The Ministry of Business, Innovation and Employment this week became the first government department to explicitly ban staff from using ChatGPT.

MBIE cited data security and privacy risks as the reason for the blanket ban, but the Department of internal Affairs, home to the Government Chief Digital Officer, is allowing its staff to use ChatGPT and is development guidance for government agencies on its use.

That makes sense – DIA staff need to understand the technology they are formulating guidance on. But ChatGPT’s creator OpenAI makes clear that anything fed into the ChatGPT web interface will feed back to OpenAI and may inform its large language models. There have been high profile examples already overseas of embarrassing cases of proprietary data from text entered into ChatGPT turning up in responses to questions from other users.

That’s definitely a potential data security and privacy risk if text from internal memos and government data are plugged into ChatGPT. But talk of bans ignores the fact that ChatGPT features are also available via OpenAI’s application programming interface, a premium service that excludes customers’ data from the models.
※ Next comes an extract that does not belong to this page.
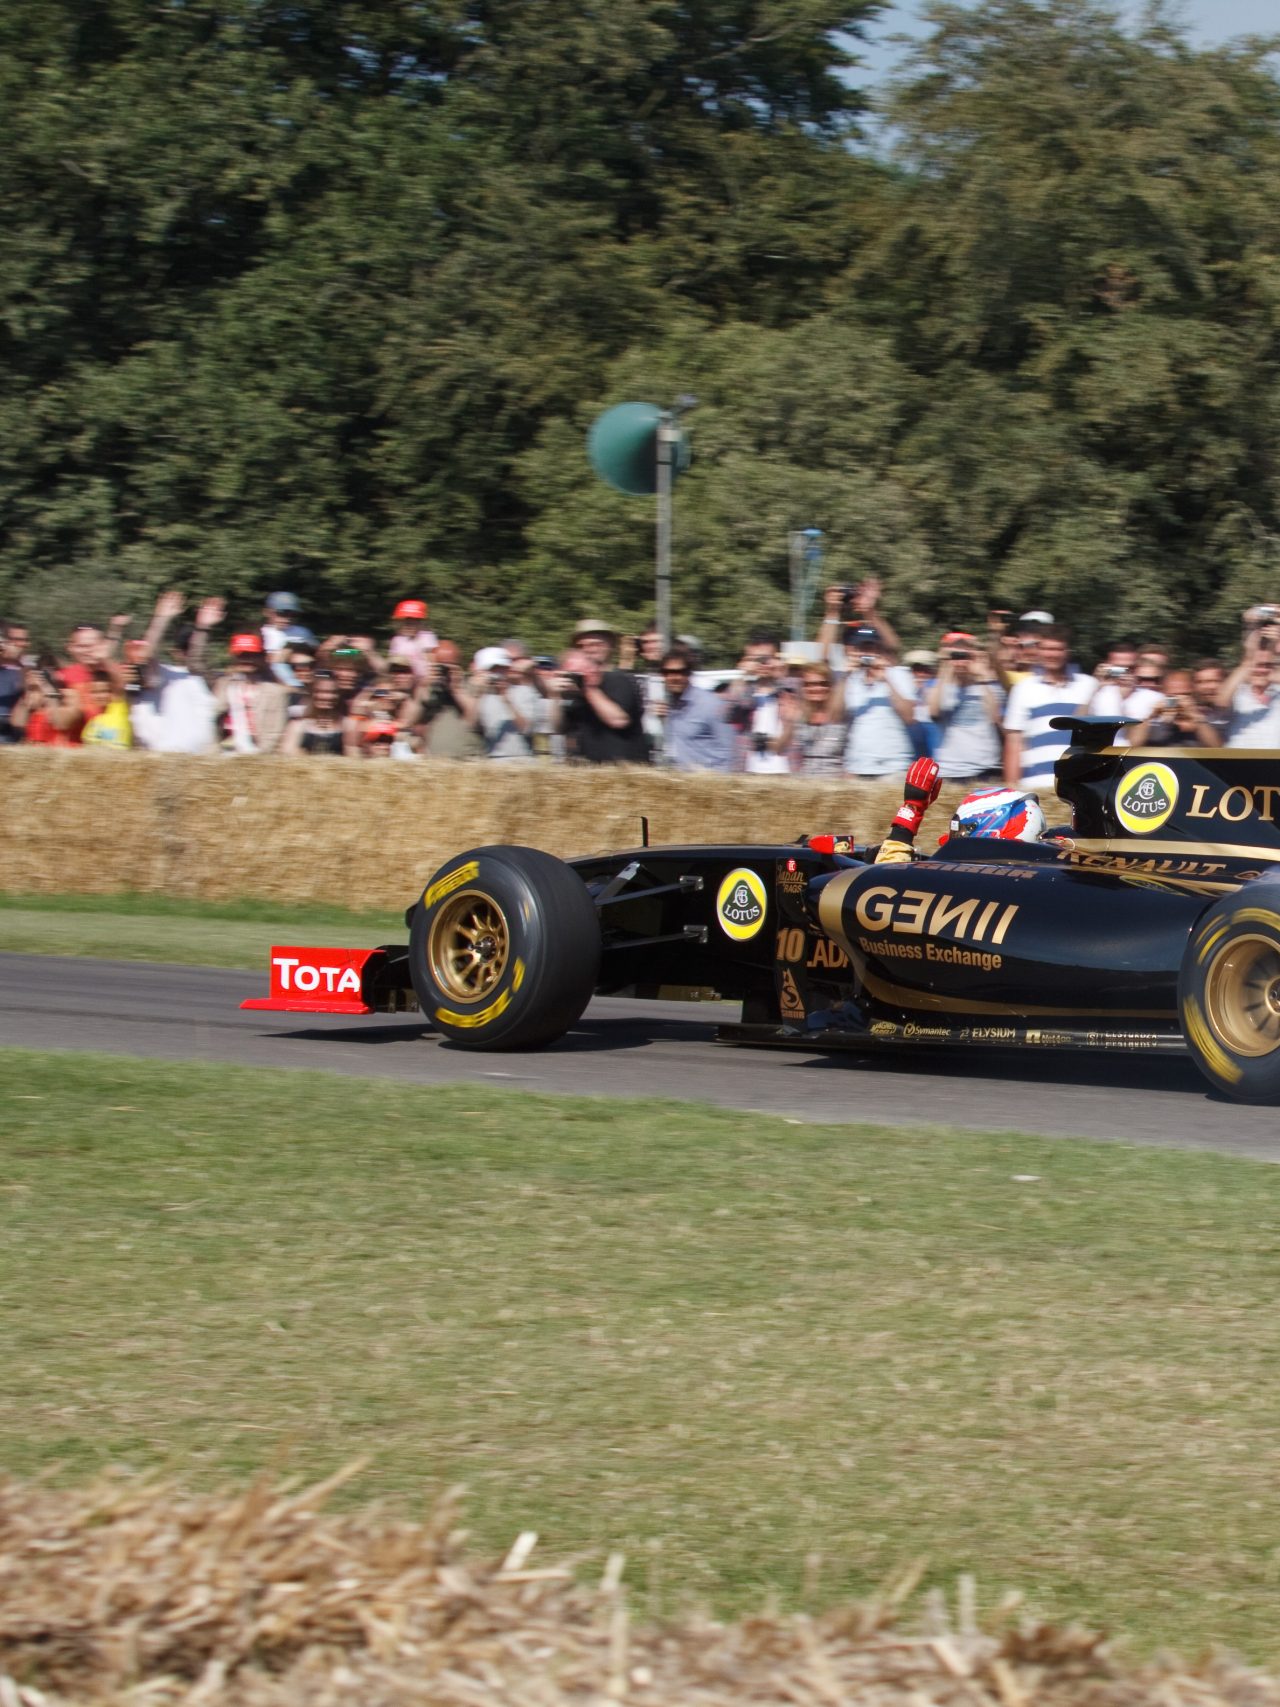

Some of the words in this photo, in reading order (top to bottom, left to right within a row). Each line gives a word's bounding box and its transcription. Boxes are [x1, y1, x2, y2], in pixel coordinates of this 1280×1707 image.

Microsoft also has its Azure OpenAI cloud service available, which allows customers to use the generative AI tools on its data in a secure environment. Our government departments should be experimenting with these tools to see how they can be applied to the workings of government. There’s huge scope to cut down on bureaucratic tasks, gain better insights into government data and automate manual functions across government with this technology.
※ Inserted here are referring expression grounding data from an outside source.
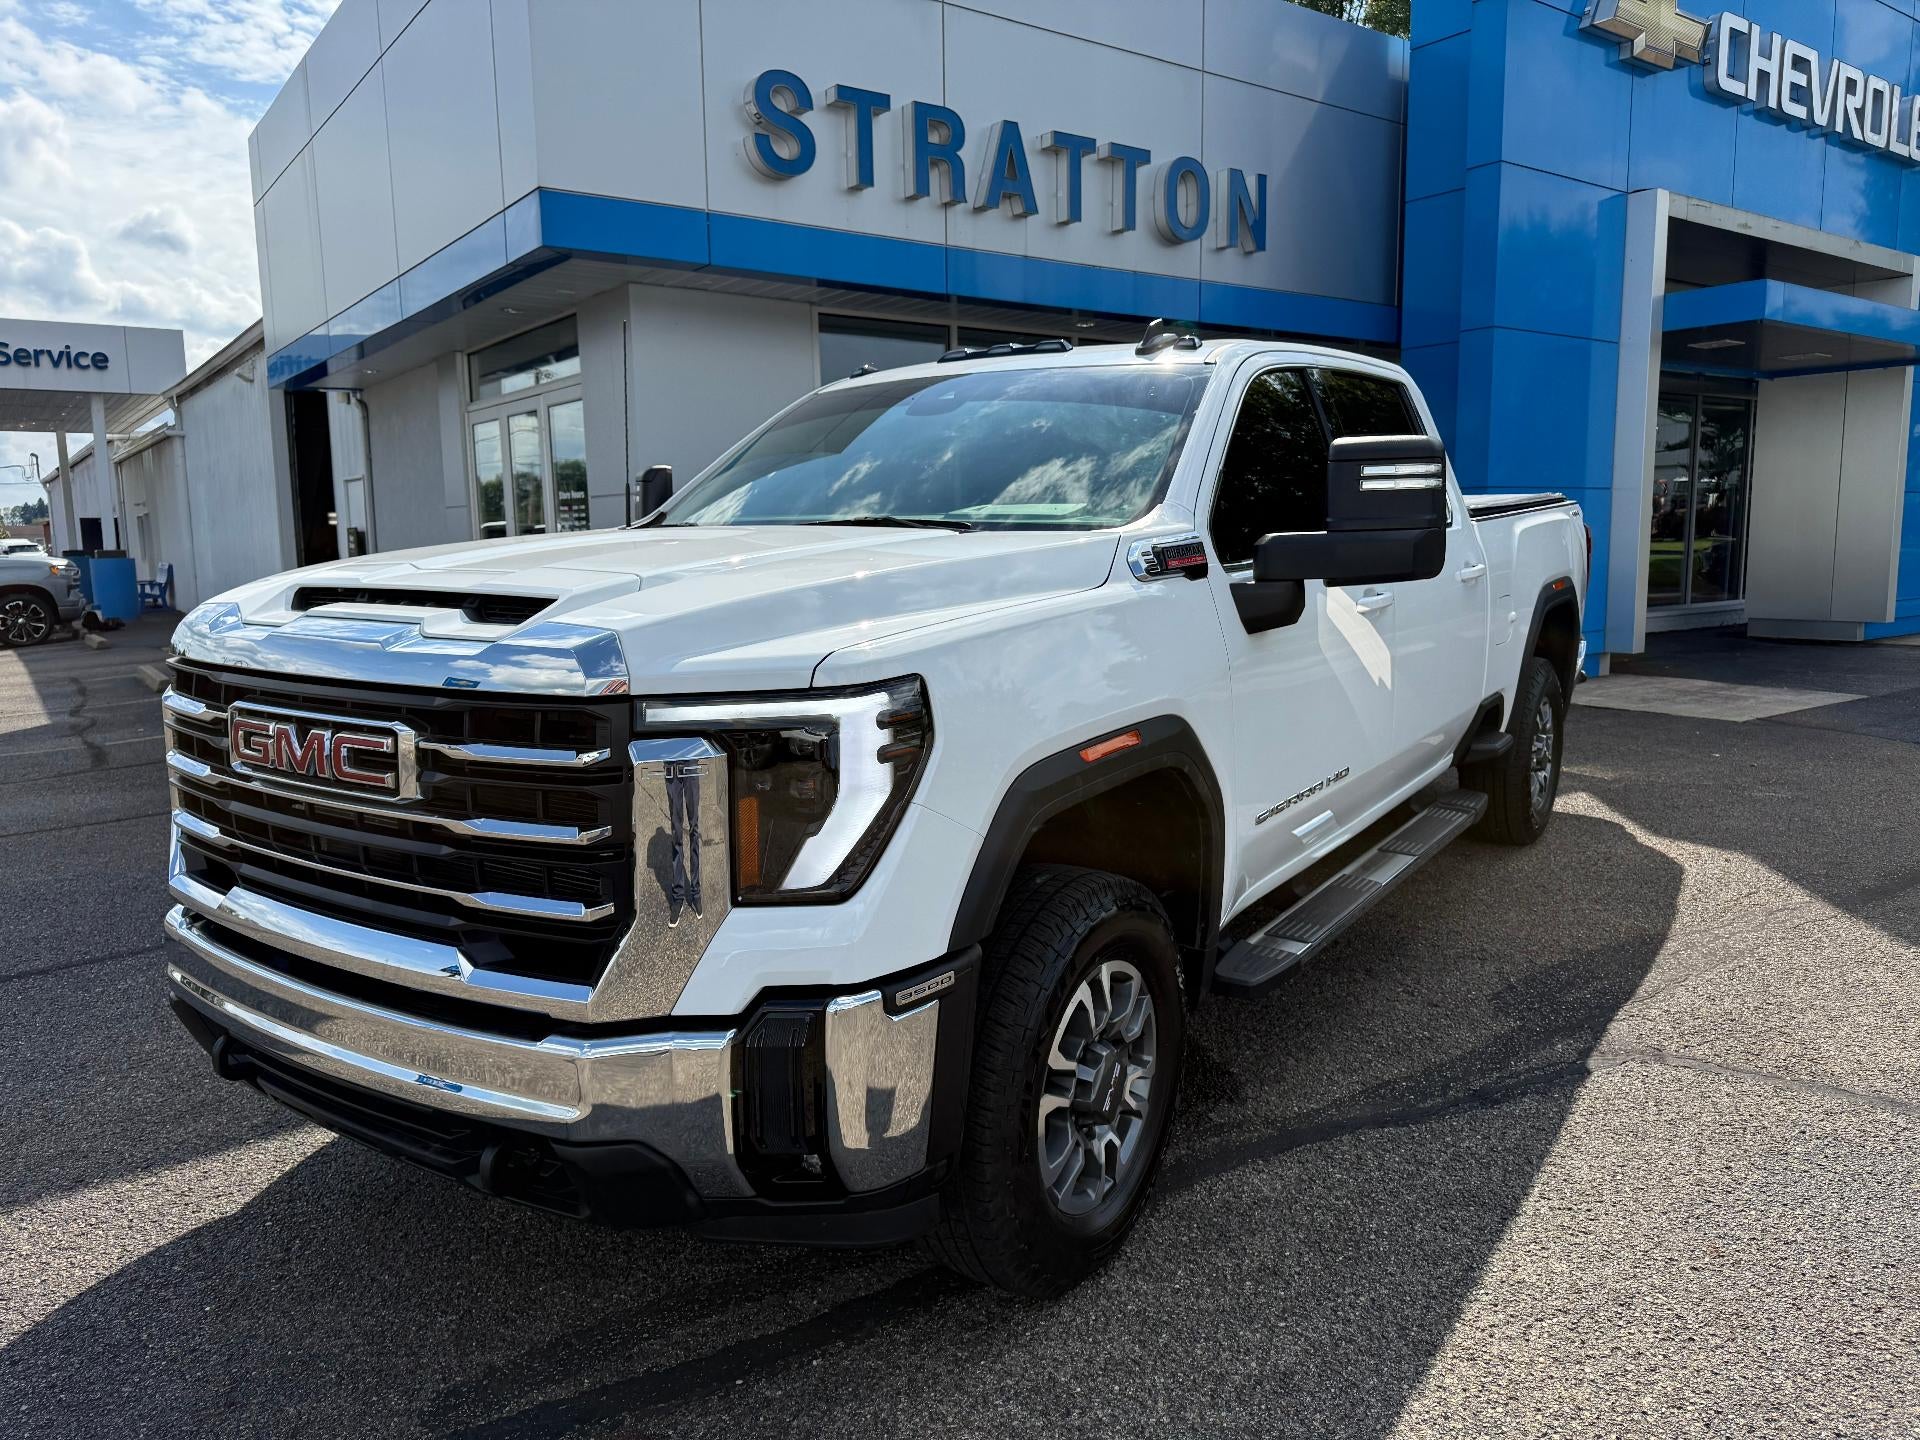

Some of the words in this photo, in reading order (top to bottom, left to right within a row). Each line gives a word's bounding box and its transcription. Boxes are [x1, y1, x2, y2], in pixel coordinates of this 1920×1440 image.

[744, 69, 1267, 253] STRATTON
[0, 341, 109, 371] Service
[1166, 544, 1202, 559] DURAMAX
[231, 716, 396, 790] GMC
[1254, 780, 1324, 826] SIERRA
[1325, 766, 1350, 788] HD
[899, 975, 952, 1001] 3500
The large tech consulting firms that have a presence in New Zealand have already geared up to apply GPT (general pretrained transformer) technologies to the public sector. Accenture estimates that 39% of working hours in public sector organisations have a high potential for automation or augmentation.
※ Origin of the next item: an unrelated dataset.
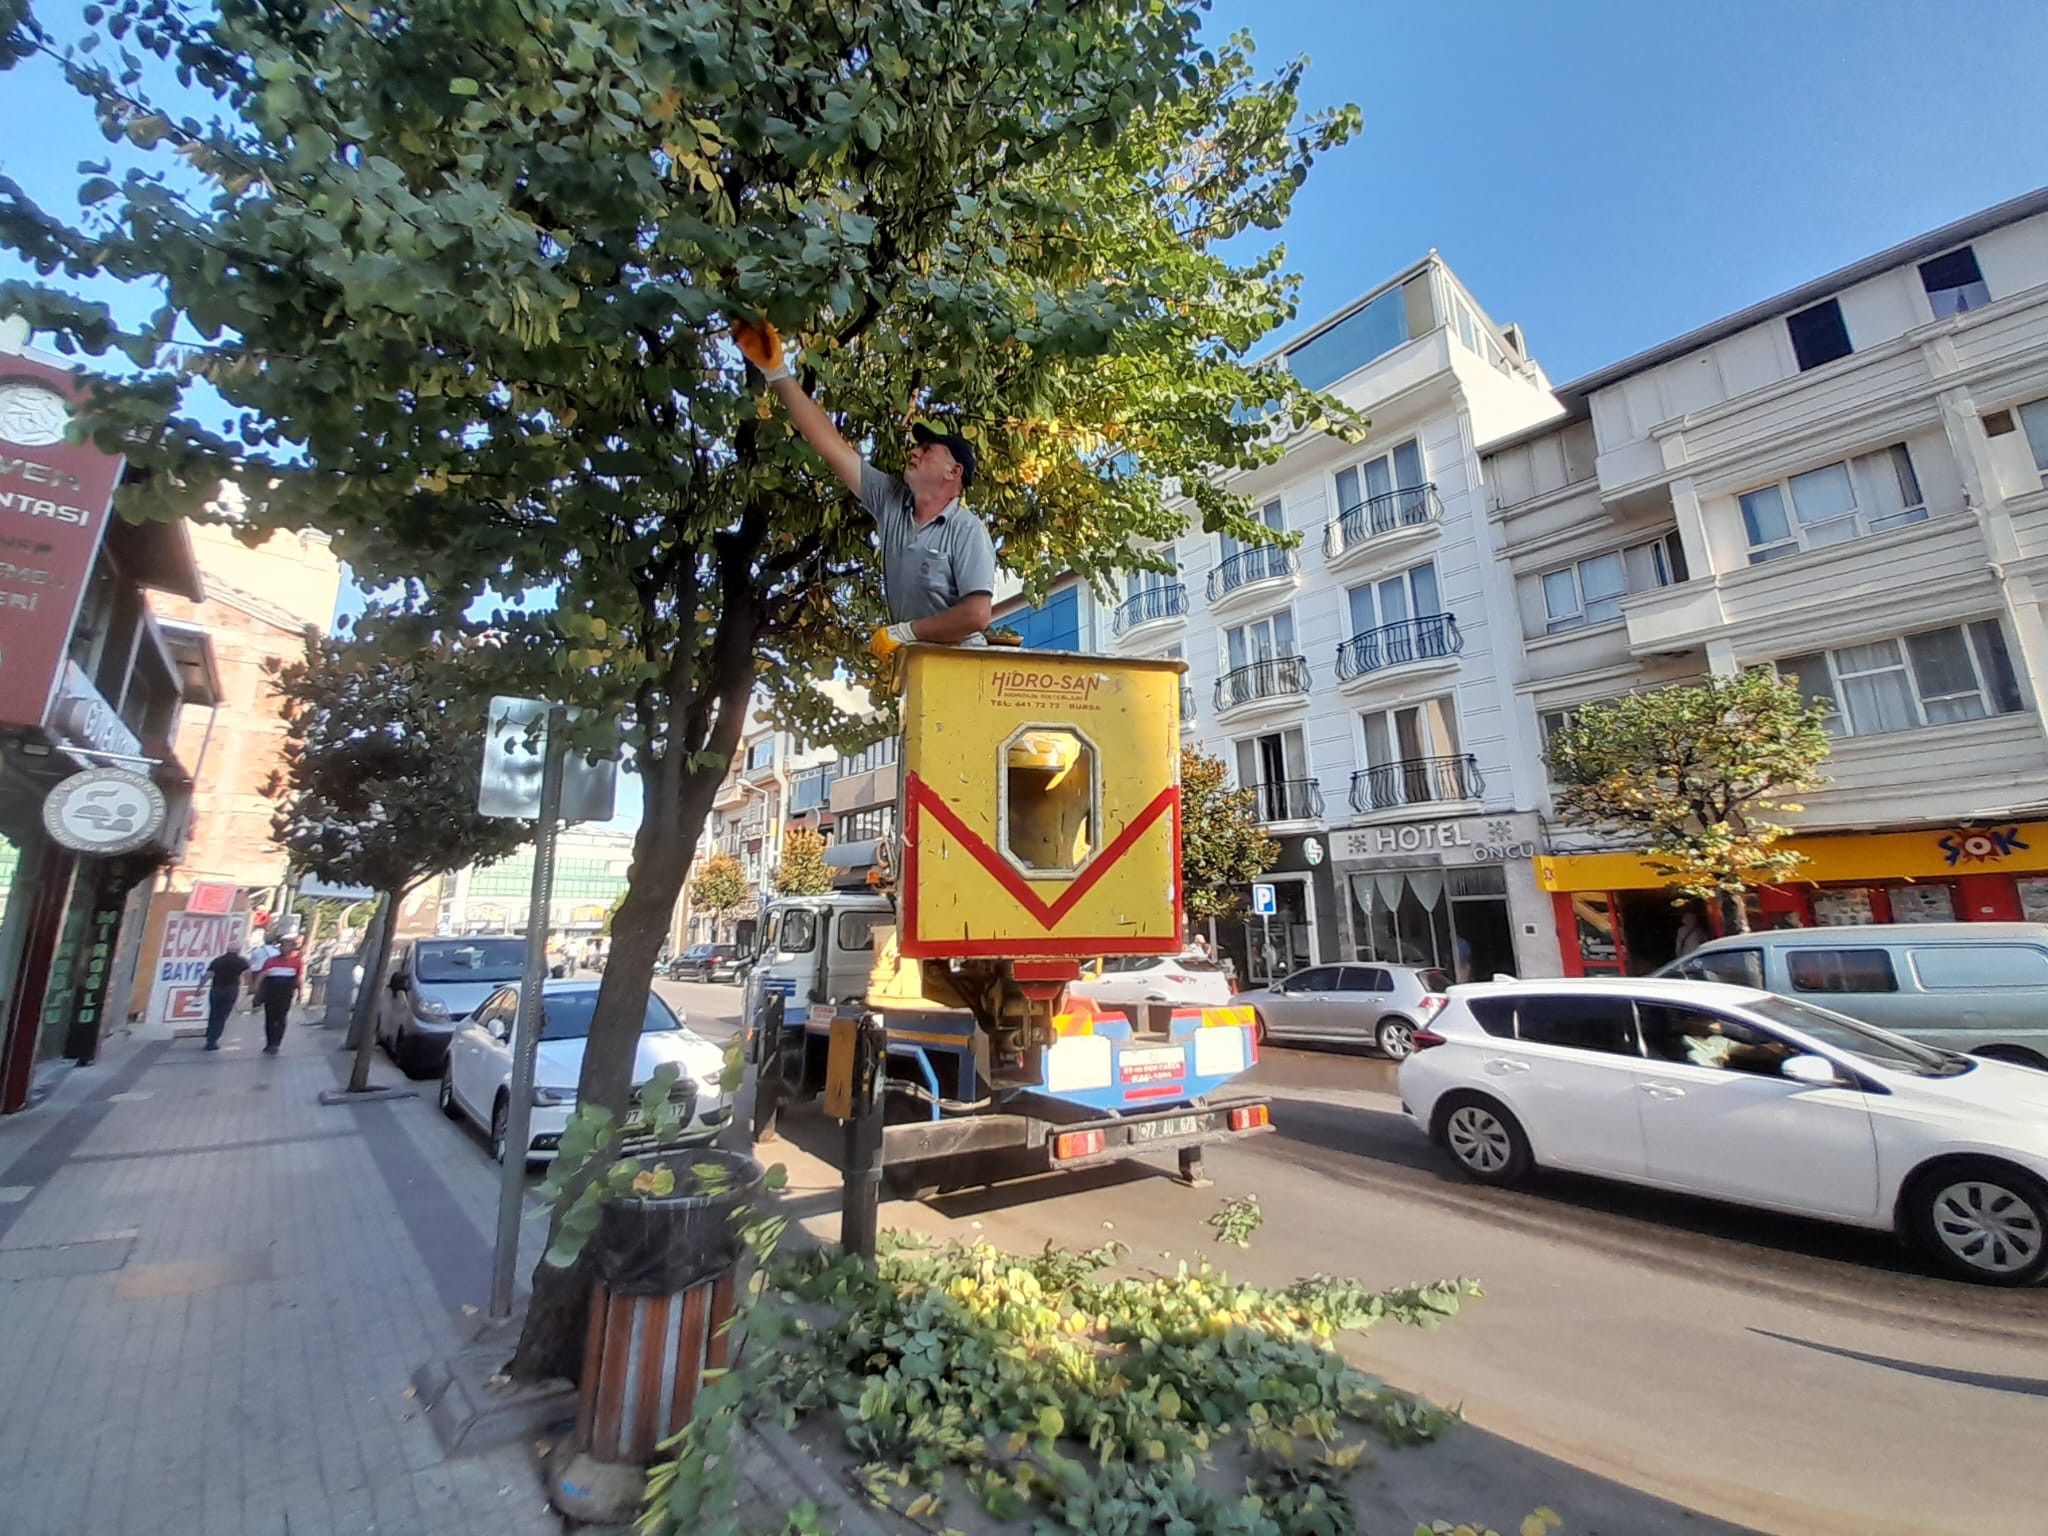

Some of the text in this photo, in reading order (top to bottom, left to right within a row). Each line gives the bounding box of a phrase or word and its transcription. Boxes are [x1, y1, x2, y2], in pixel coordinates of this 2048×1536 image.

[1069, 703, 1102, 711] BURSA
[1375, 822, 1472, 850] HOTEL
[1258, 888, 1272, 912] P
[161, 918, 243, 958] ECZANE
Accenture is tailoring large language models to the needs of the US Federal Government with a service it has dubbed FedGPT.

“Agencies can curate FedGPT’s modular add-ons, called skills, to fit mission needs, available hardware, and budget – and skills can be developed, enhanced, or decommissioned over time as needs evolve,” Accenture says.

Deloitte is doing the same, suggesting that when it comes to creating government policy, “generative AI can ingest huge volumes of data about a problem, examine past policies and their results, and then create new policy ideas to help achieve the collective goal. Even fundamentally human challenges like reducing speeding or improving tax compliance could be modeled with agent-based discriminators”.

That’s all possible and generative AI has huge scope to streamline how government works. We can expect consulting firms to heavily push these services here, so it’s important that DIA helps lay the groundwork for the ethical use of these systems – and soon. With National promising to slash IT contracting in government if it is able to form the government in October, the big consulting firms may face another task – how to automate themselves out of lucrative government contracts.